** Opening RECORDS SUPPLIED block **

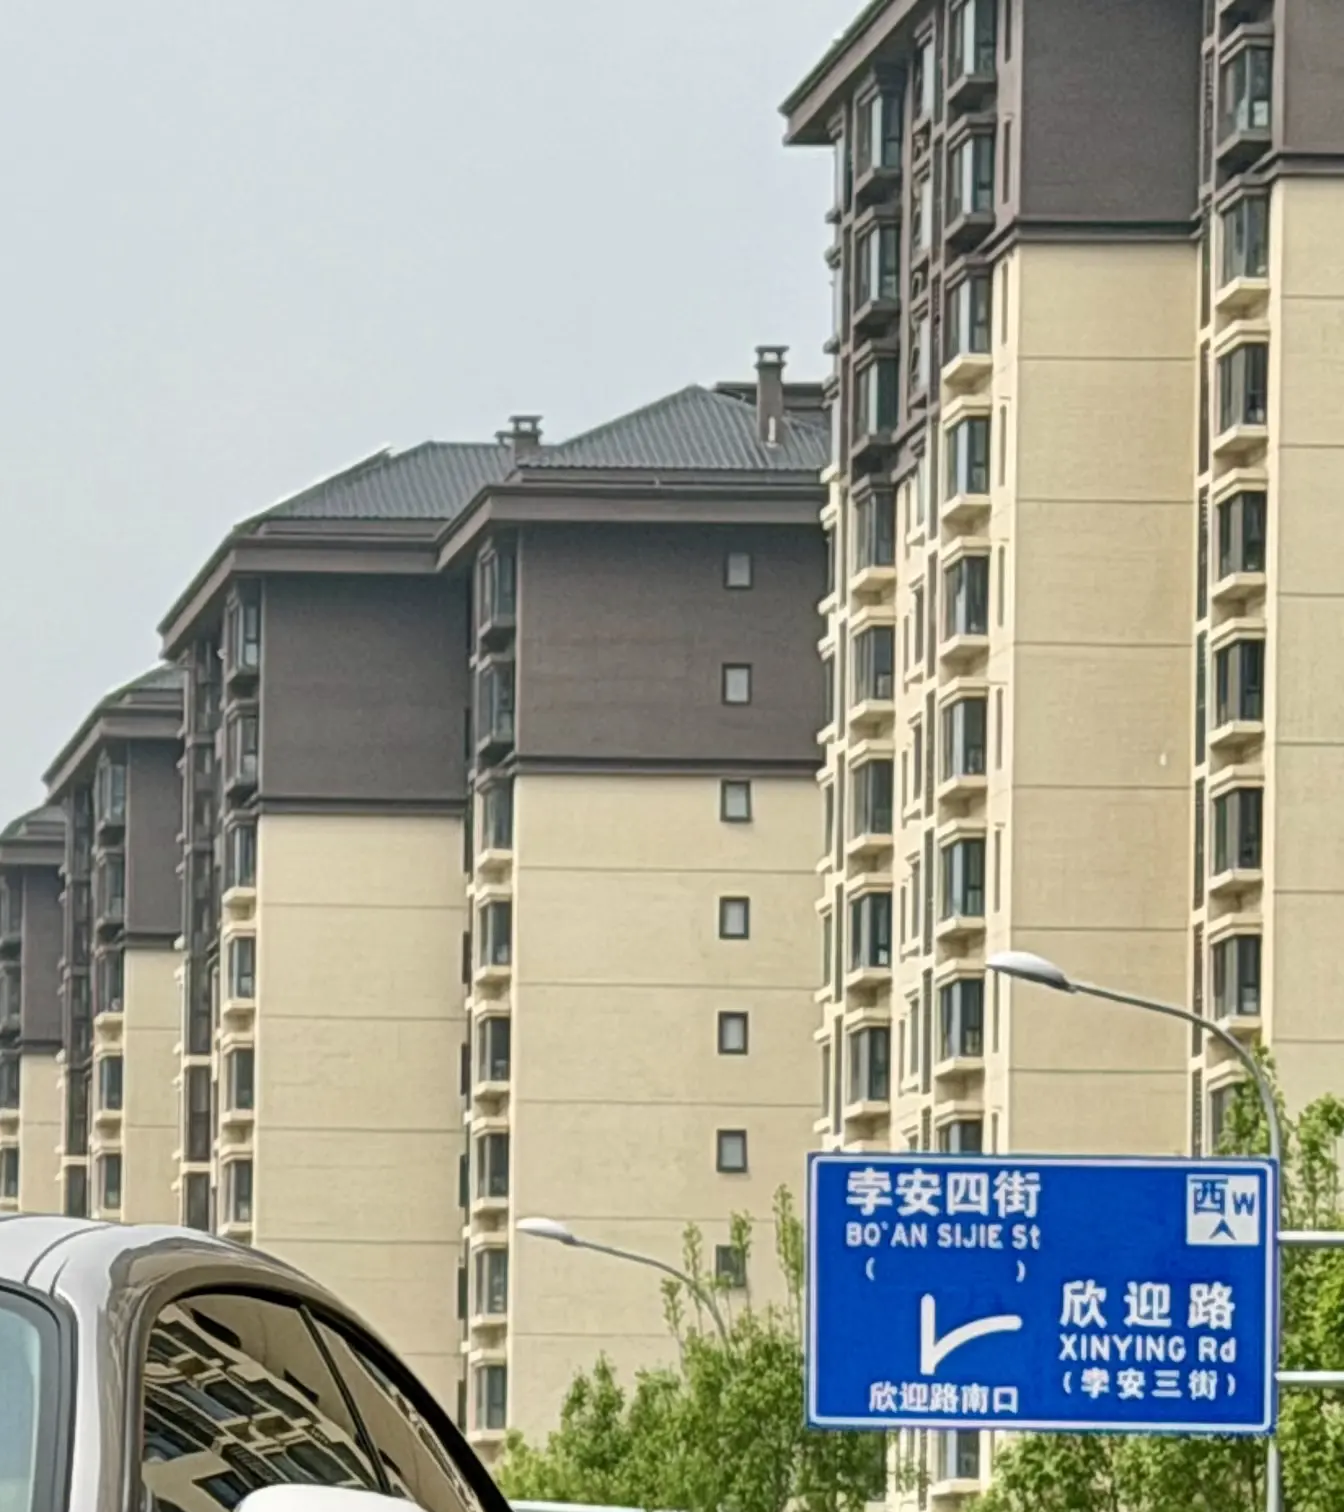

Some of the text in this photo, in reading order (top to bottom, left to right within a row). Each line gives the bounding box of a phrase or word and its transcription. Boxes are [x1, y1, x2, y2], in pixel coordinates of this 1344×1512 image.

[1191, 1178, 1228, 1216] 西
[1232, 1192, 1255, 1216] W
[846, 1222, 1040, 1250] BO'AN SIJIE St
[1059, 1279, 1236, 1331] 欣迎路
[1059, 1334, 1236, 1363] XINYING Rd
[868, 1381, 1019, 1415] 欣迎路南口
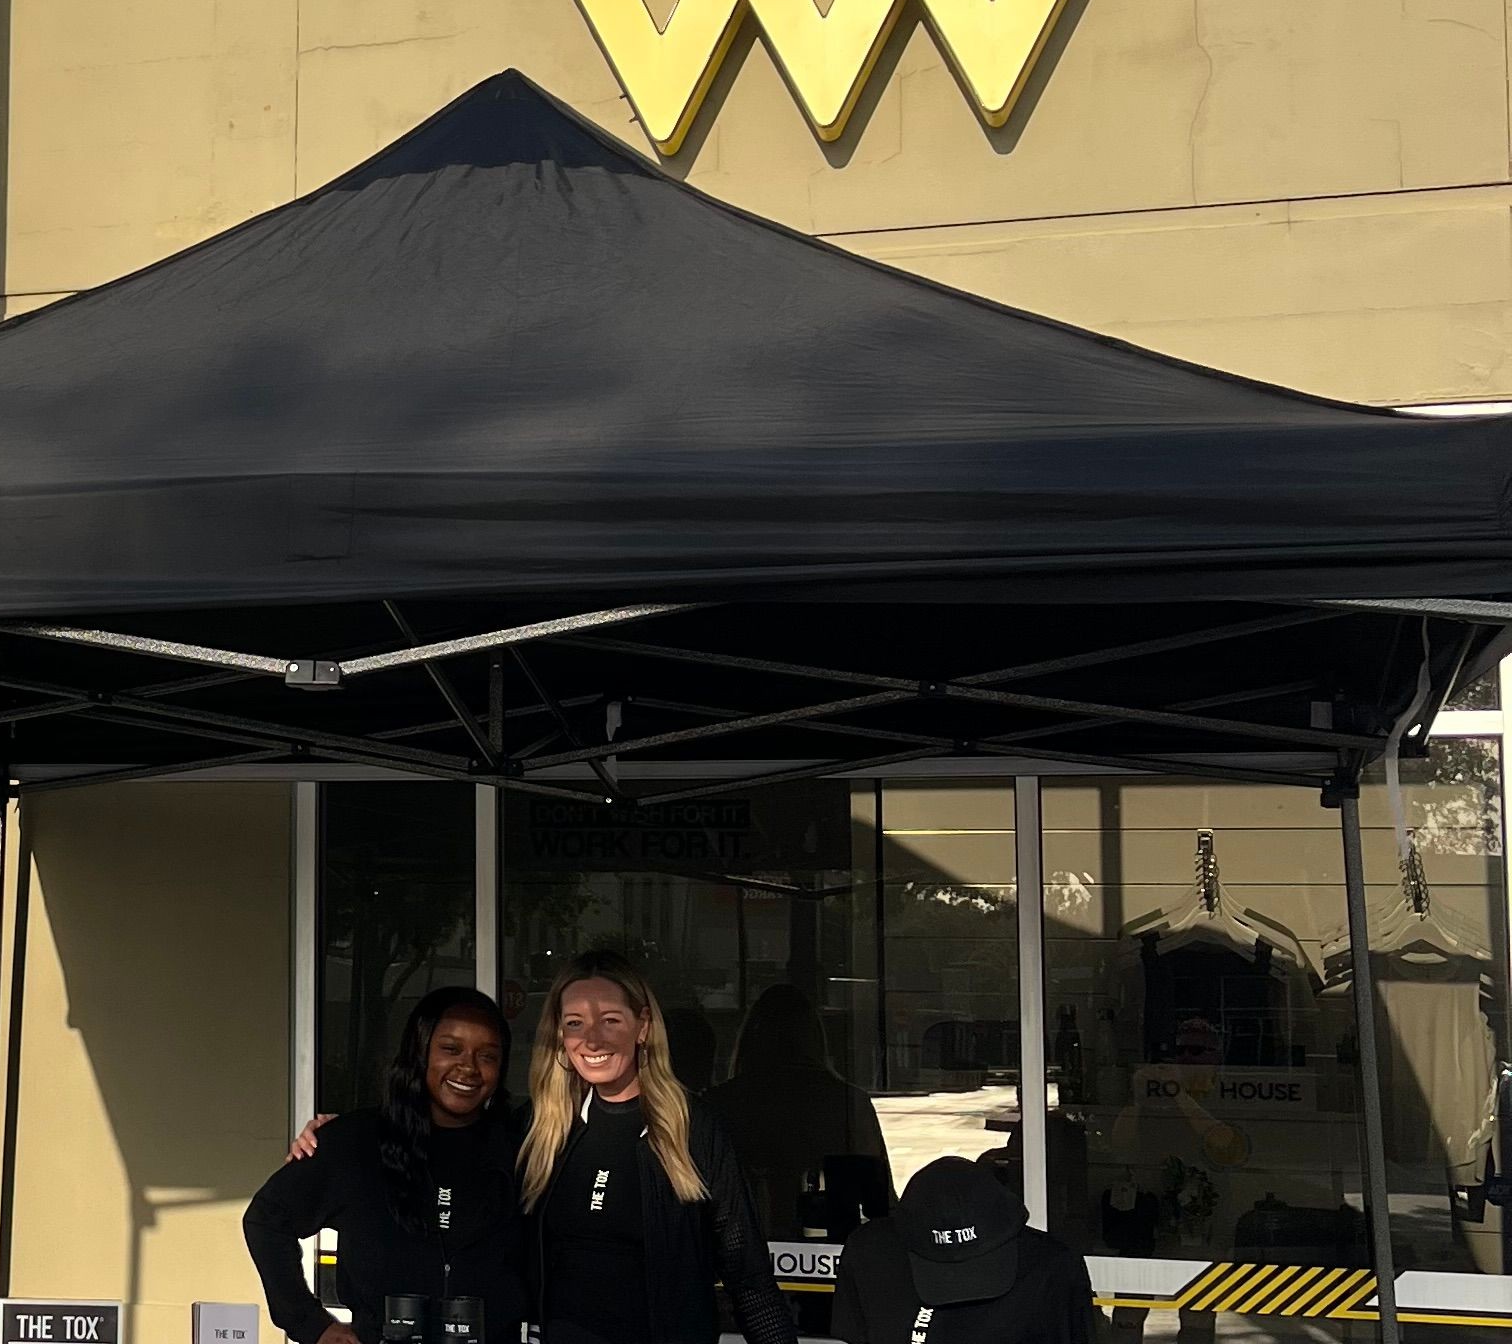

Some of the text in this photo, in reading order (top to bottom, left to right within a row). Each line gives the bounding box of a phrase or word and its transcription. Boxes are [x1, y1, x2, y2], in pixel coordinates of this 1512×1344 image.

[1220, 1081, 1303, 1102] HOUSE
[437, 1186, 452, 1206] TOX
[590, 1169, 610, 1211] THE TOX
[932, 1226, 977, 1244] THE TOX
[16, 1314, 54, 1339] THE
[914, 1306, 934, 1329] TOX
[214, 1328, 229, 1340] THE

** Closing RECORDS SUPPLIED block **

WHAT YOU WILL DO: Go through the data above and transcribe it in full, omitting any image.

REPLY TO THE TASK:
Some of the text in this photo, in reading order (top to bottom, left to right within a row). Each line gives the bounding box of a phrase or word and its transcription. Boxes are [x1, y1, x2, y2], in pixel coordinates of this 1344×1512 image.

[1191, 1178, 1228, 1216] 西
[1232, 1192, 1255, 1216] W
[846, 1222, 1040, 1250] BO'AN SIJIE St
[1059, 1279, 1236, 1331] 欣迎路
[1059, 1334, 1236, 1363] XINYING Rd
[868, 1381, 1019, 1415] 欣迎路南口

Some of the text in this photo, in reading order (top to bottom, left to right within a row). Each line gives the bounding box of a phrase or word and its transcription. Boxes are [x1, y1, x2, y2], in pixel coordinates of this 1512×1344 image.

[1220, 1081, 1303, 1102] HOUSE
[437, 1186, 452, 1206] TOX
[590, 1169, 610, 1211] THE TOX
[932, 1226, 977, 1244] THE TOX
[16, 1314, 54, 1339] THE
[914, 1306, 934, 1329] TOX
[214, 1328, 229, 1340] THE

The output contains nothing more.